Toutefois ce n’est pas cet irrationnel nécessaire qui est mis en jeu par les ahl al-Hadîth, par les maîtres de la Tradition. Ceux-ci usent d’un stratagème : ils rendent compte de la part qui nous échappe, qui nous dépasse ; et pour nous épargner le péril (le seul qui fait croître ce qui sauve), ils en finissent avec la raison, la destituent, la défont, l’oblitèrent et instaurent à sa place le principe d’obéissance qui est au fondement de la Tradition.

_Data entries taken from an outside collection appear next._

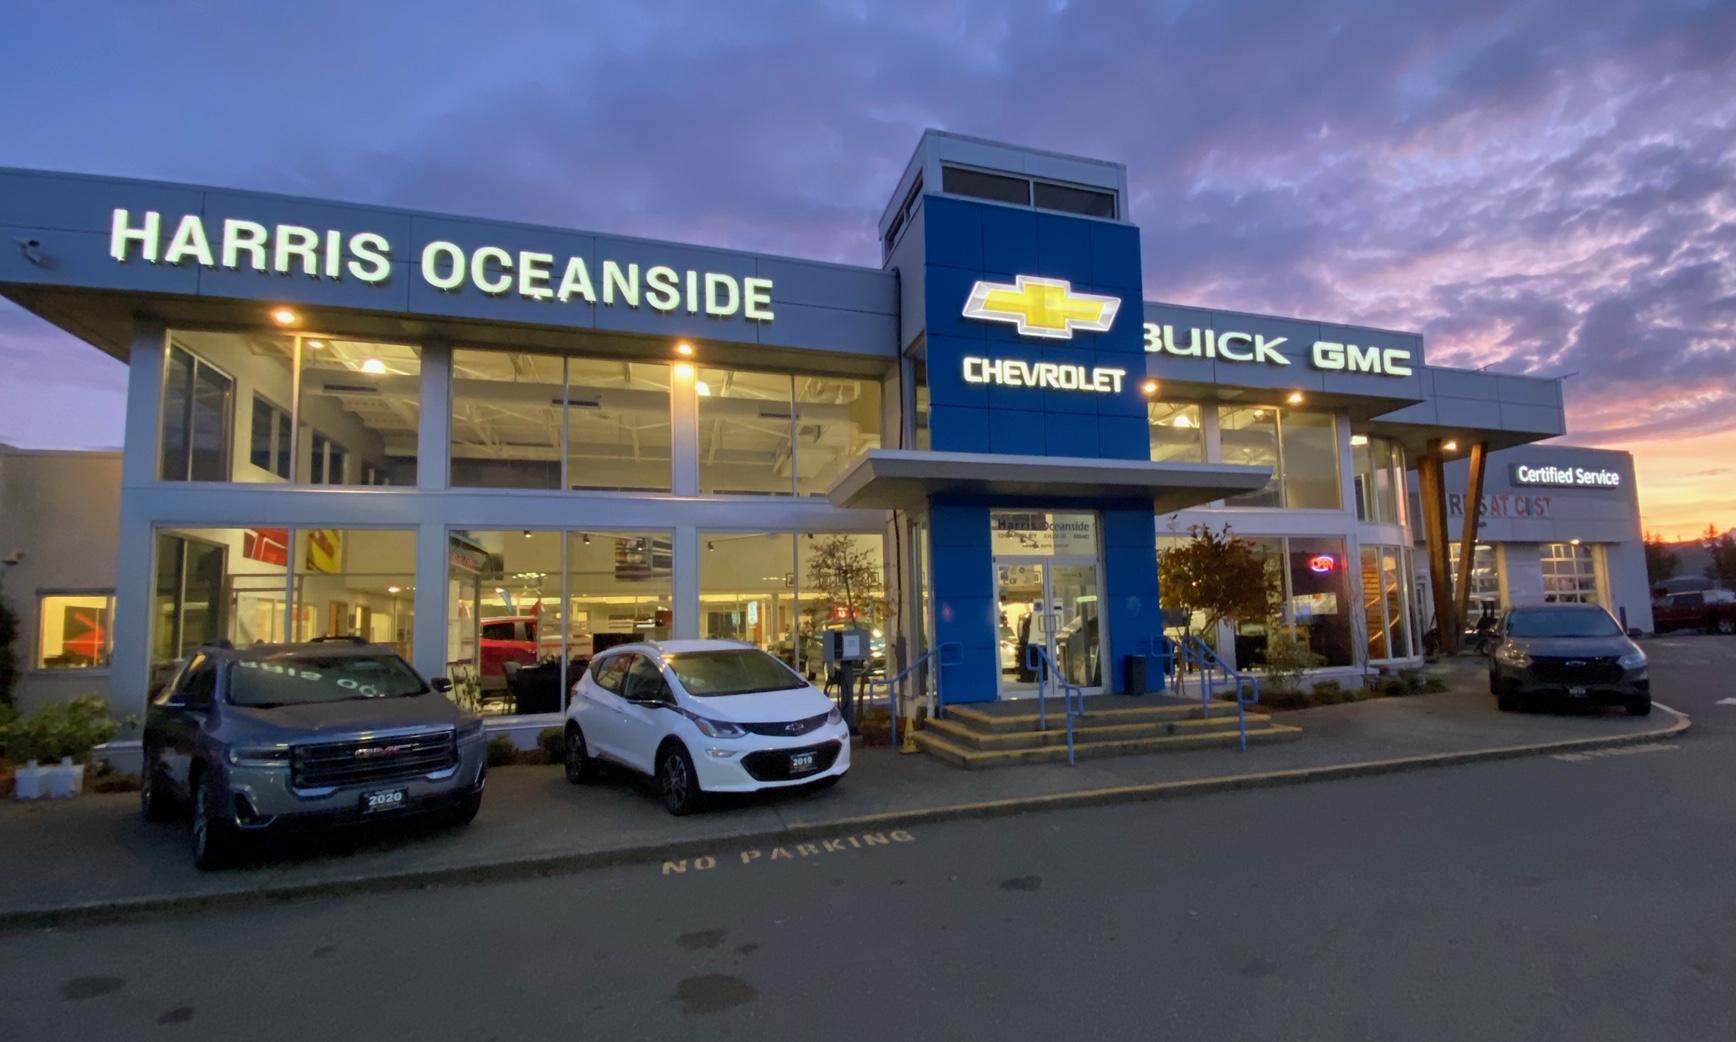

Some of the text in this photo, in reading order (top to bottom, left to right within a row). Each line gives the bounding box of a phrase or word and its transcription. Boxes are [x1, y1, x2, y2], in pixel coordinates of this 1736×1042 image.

[110, 208, 775, 321] HARRIS OCEANSIDE
[1143, 322, 1413, 376] BUICK GMC
[962, 356, 1126, 394] CHEVROLET
[1518, 464, 1620, 487] Certified Service
[792, 756, 813, 767] 2019
[368, 791, 403, 806] 2020
[661, 829, 915, 875] NO PARKING
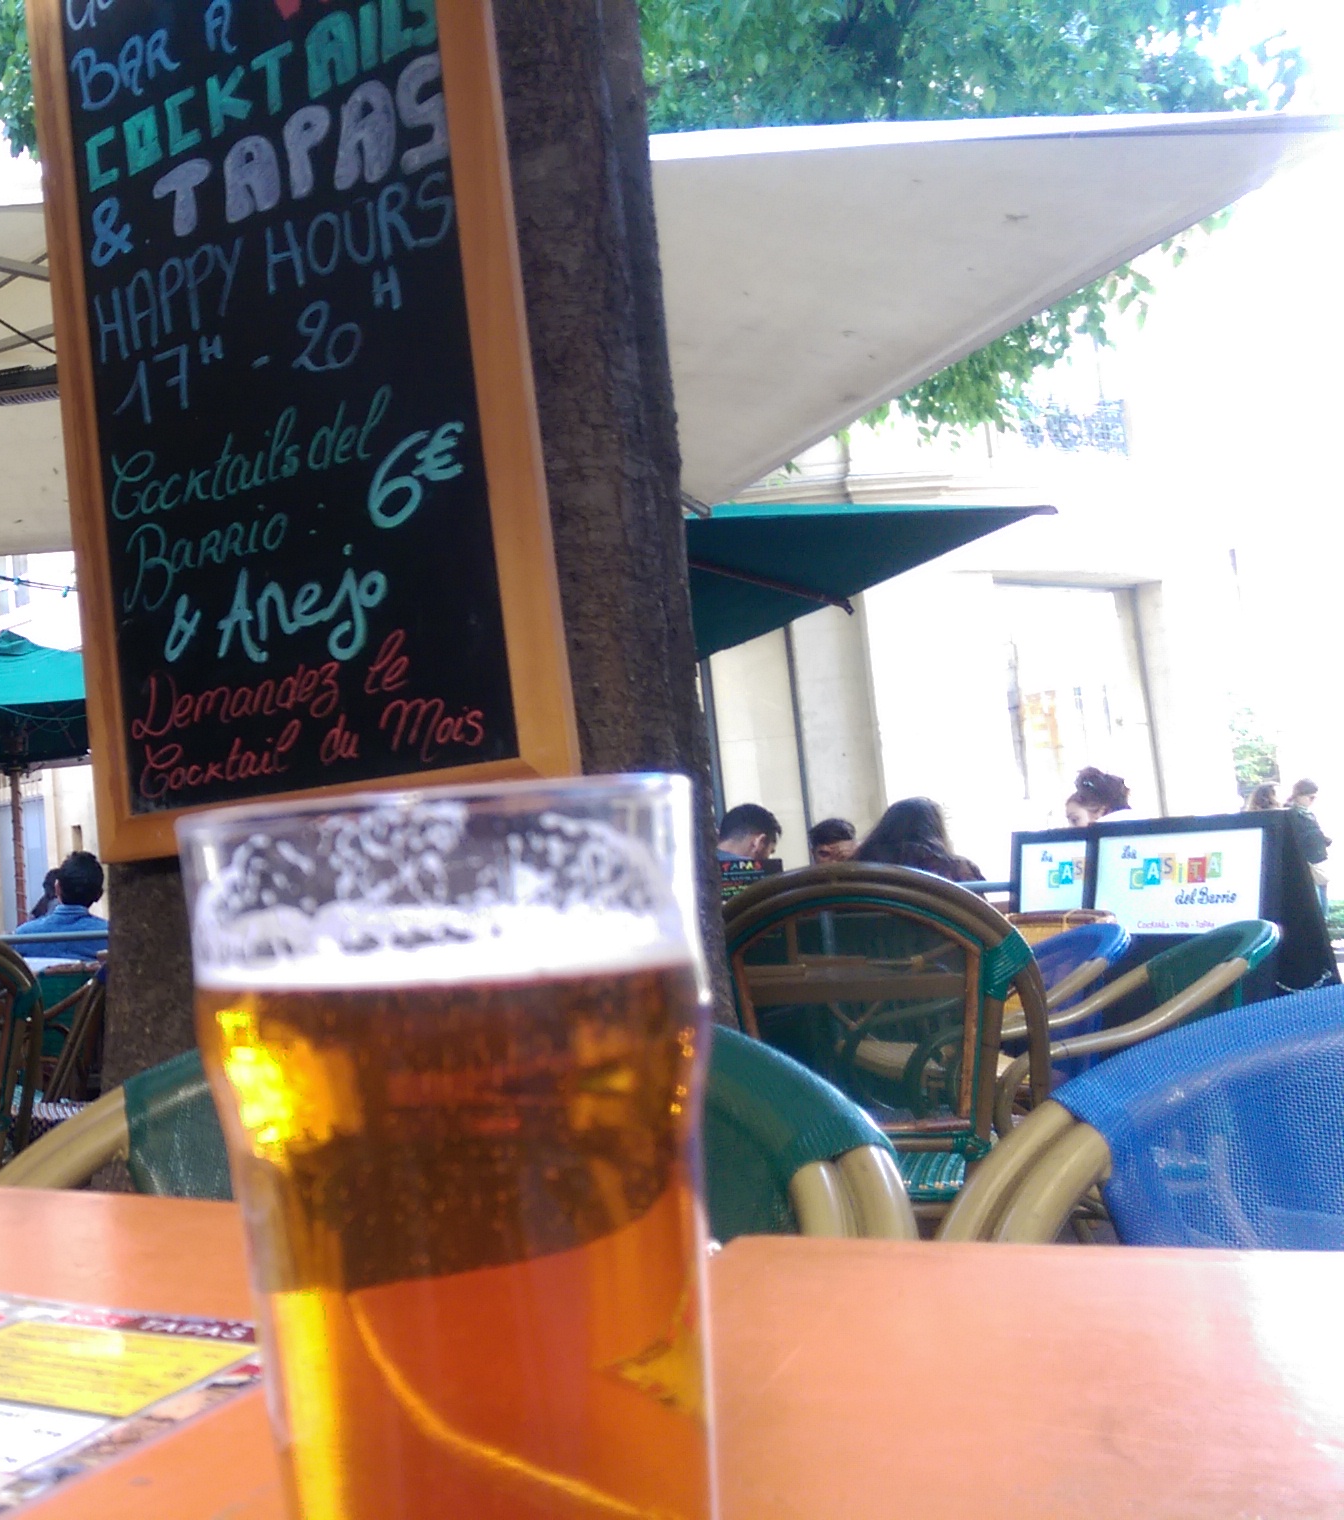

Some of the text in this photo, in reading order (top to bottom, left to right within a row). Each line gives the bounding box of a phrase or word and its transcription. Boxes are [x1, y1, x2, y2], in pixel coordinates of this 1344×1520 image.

[69, 28, 182, 112] BAR
[84, 0, 440, 192] COCKTAILS
[90, 52, 452, 269] & TAPAS
[93, 171, 455, 365] HAPPY HOURS
[111, 382, 393, 521] Cocktails del
[367, 420, 465, 529] 6€
[130, 628, 411, 742] Demandez le
[140, 698, 486, 799] Cocktail du Mois
[139, 1318, 248, 1340] TAPAS
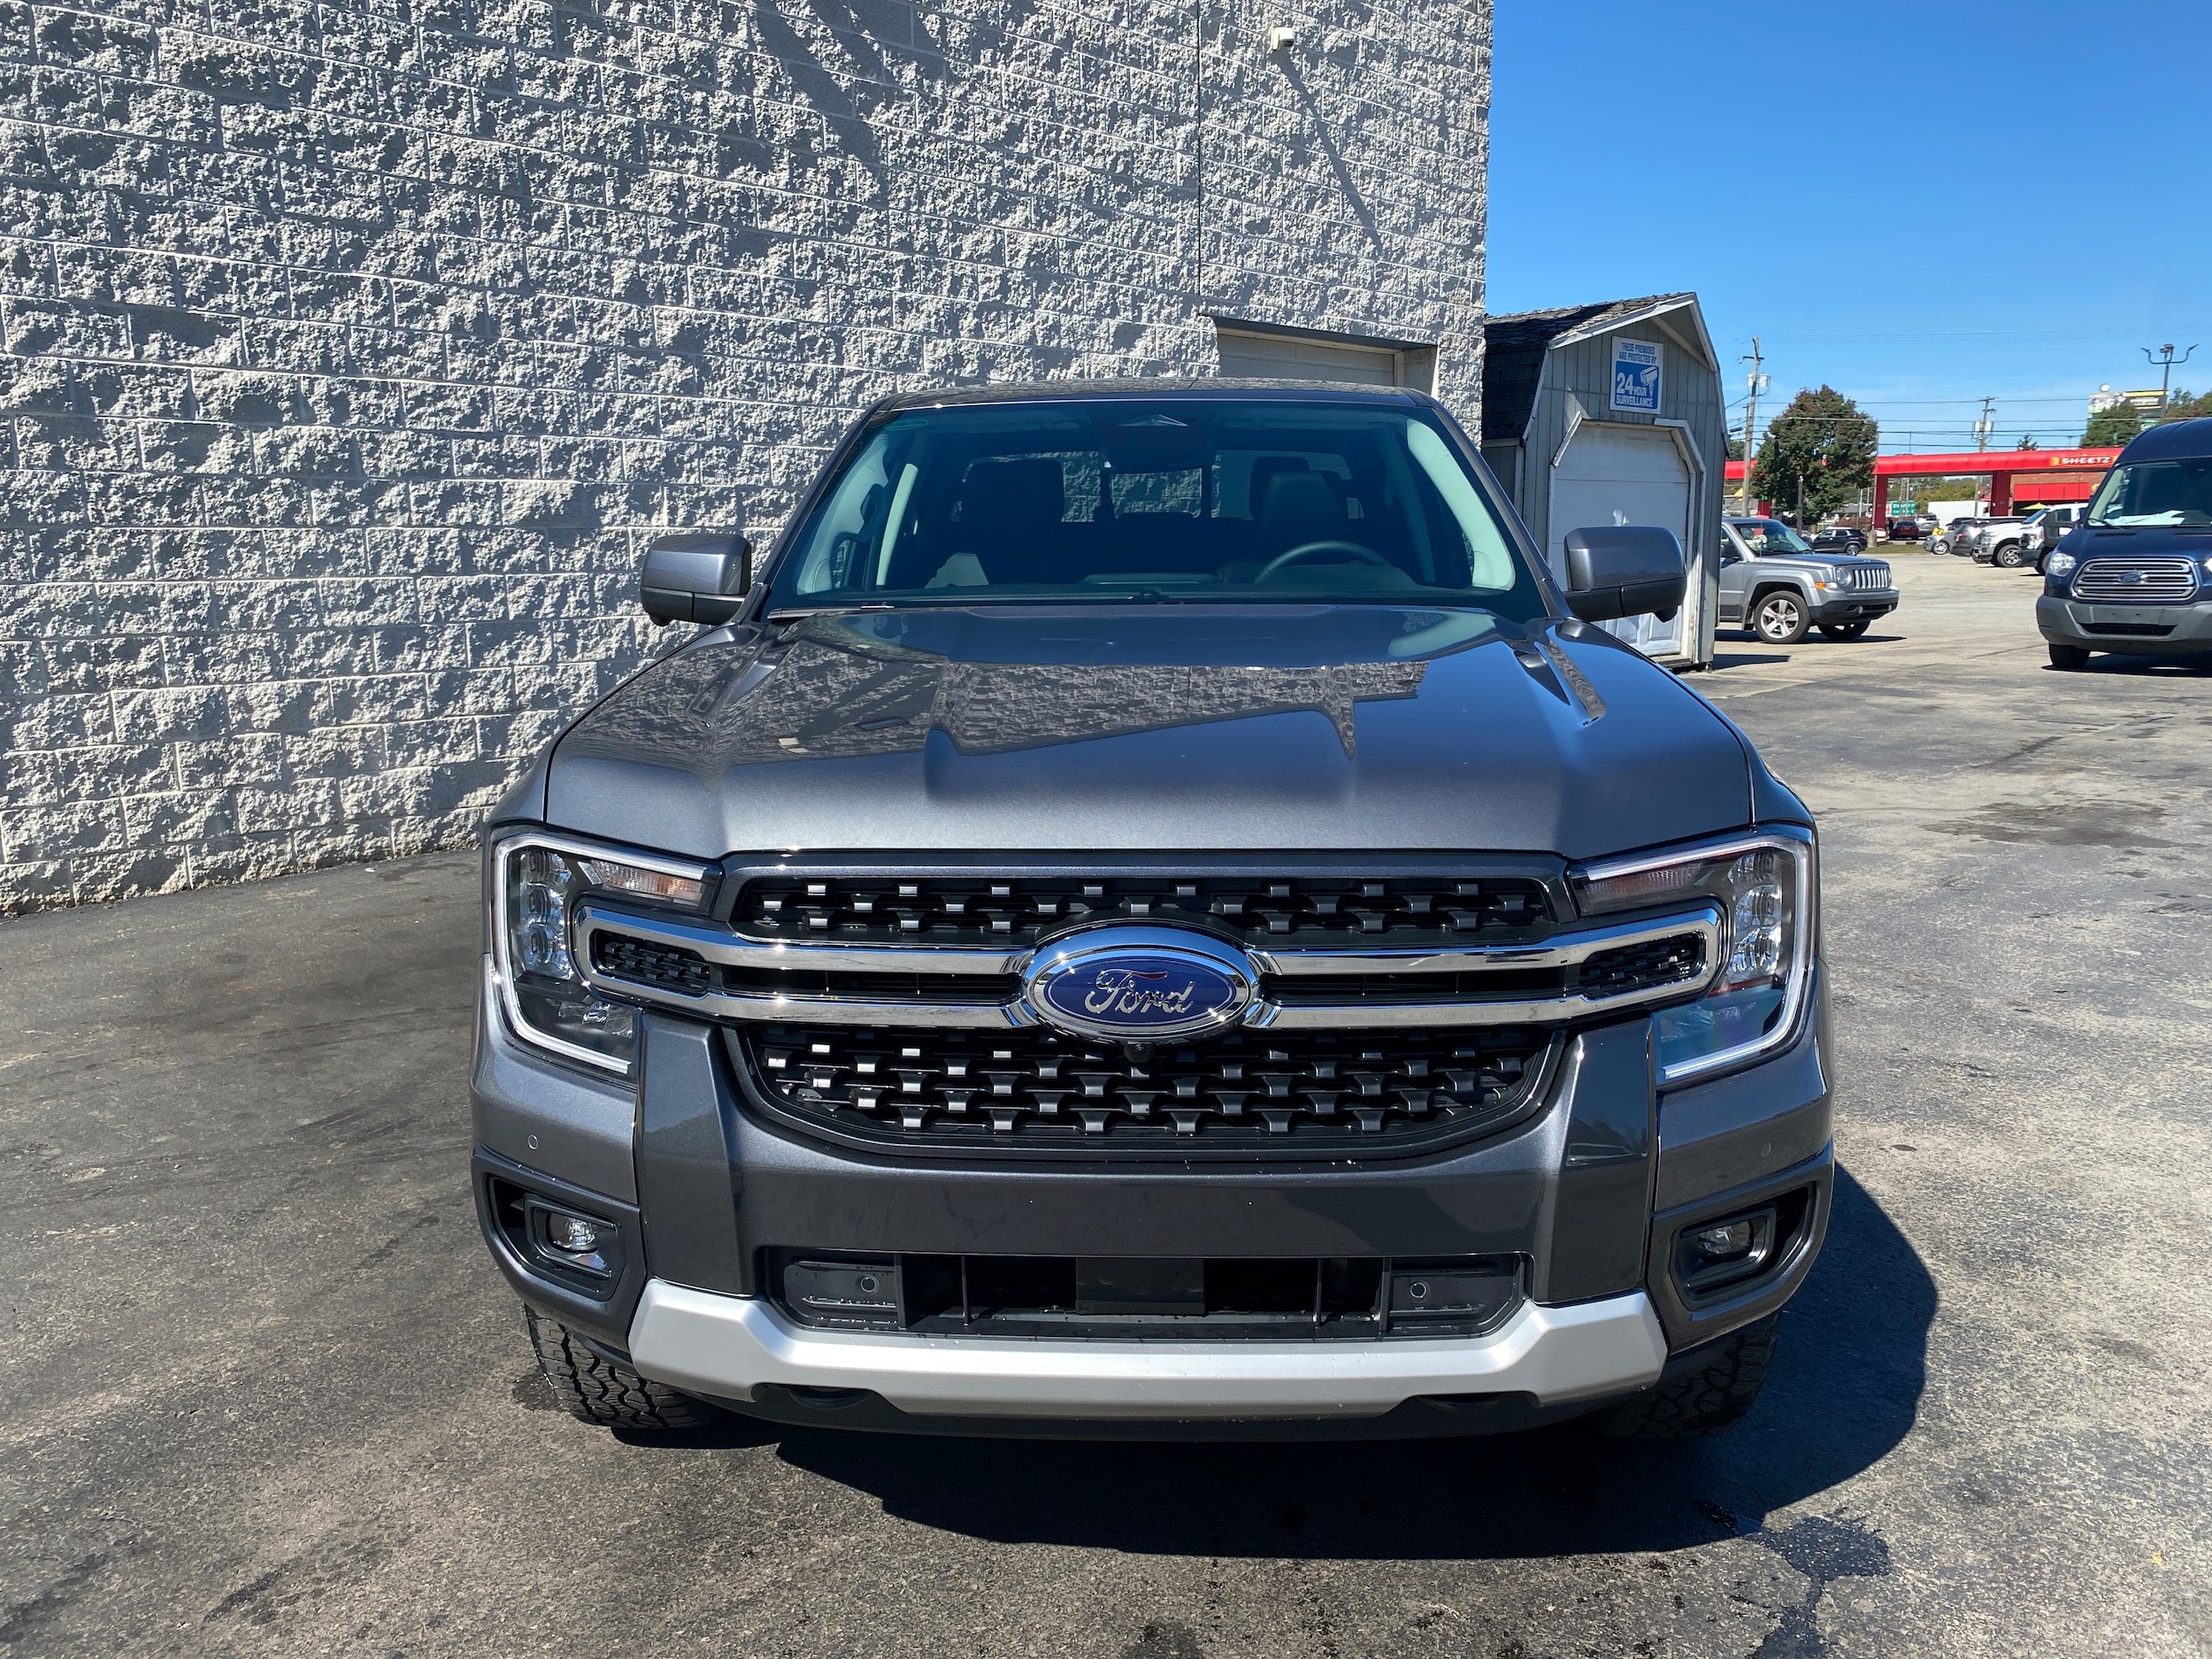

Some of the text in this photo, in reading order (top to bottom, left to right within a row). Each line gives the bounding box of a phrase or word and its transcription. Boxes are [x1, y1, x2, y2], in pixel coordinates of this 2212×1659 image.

Ainsi, en substituant le mimétisme au discernement, le jugement critique s’éclipse. La liberté est incarcérée. Et l’irrationnel nécessaire, celui qui survit dans la trace païenne récupérée et encadrée par le monothéisme, cet irrationnel qui met en scène l’excès et la démesure, le tragique et le dionysiaque, cet irrationnel encore vif dans le soufisme populaire et sur le théâtre de la transe, cet irrationnel qui ne vaut que lorsqu’il entre en tension avec la raison, sa persistance constitue un acte de résistance aux ahl al-Hadîth, aux gardiens de la Tradition, à leur idéologie aliénante, qui réclame sa destruction tout autant que la destruction de la raison.
A nous de perpétrer la résistance pour sauver dans ce combat intérieur d’un même geste et la raison et l’irrationnel qui la sous-tend.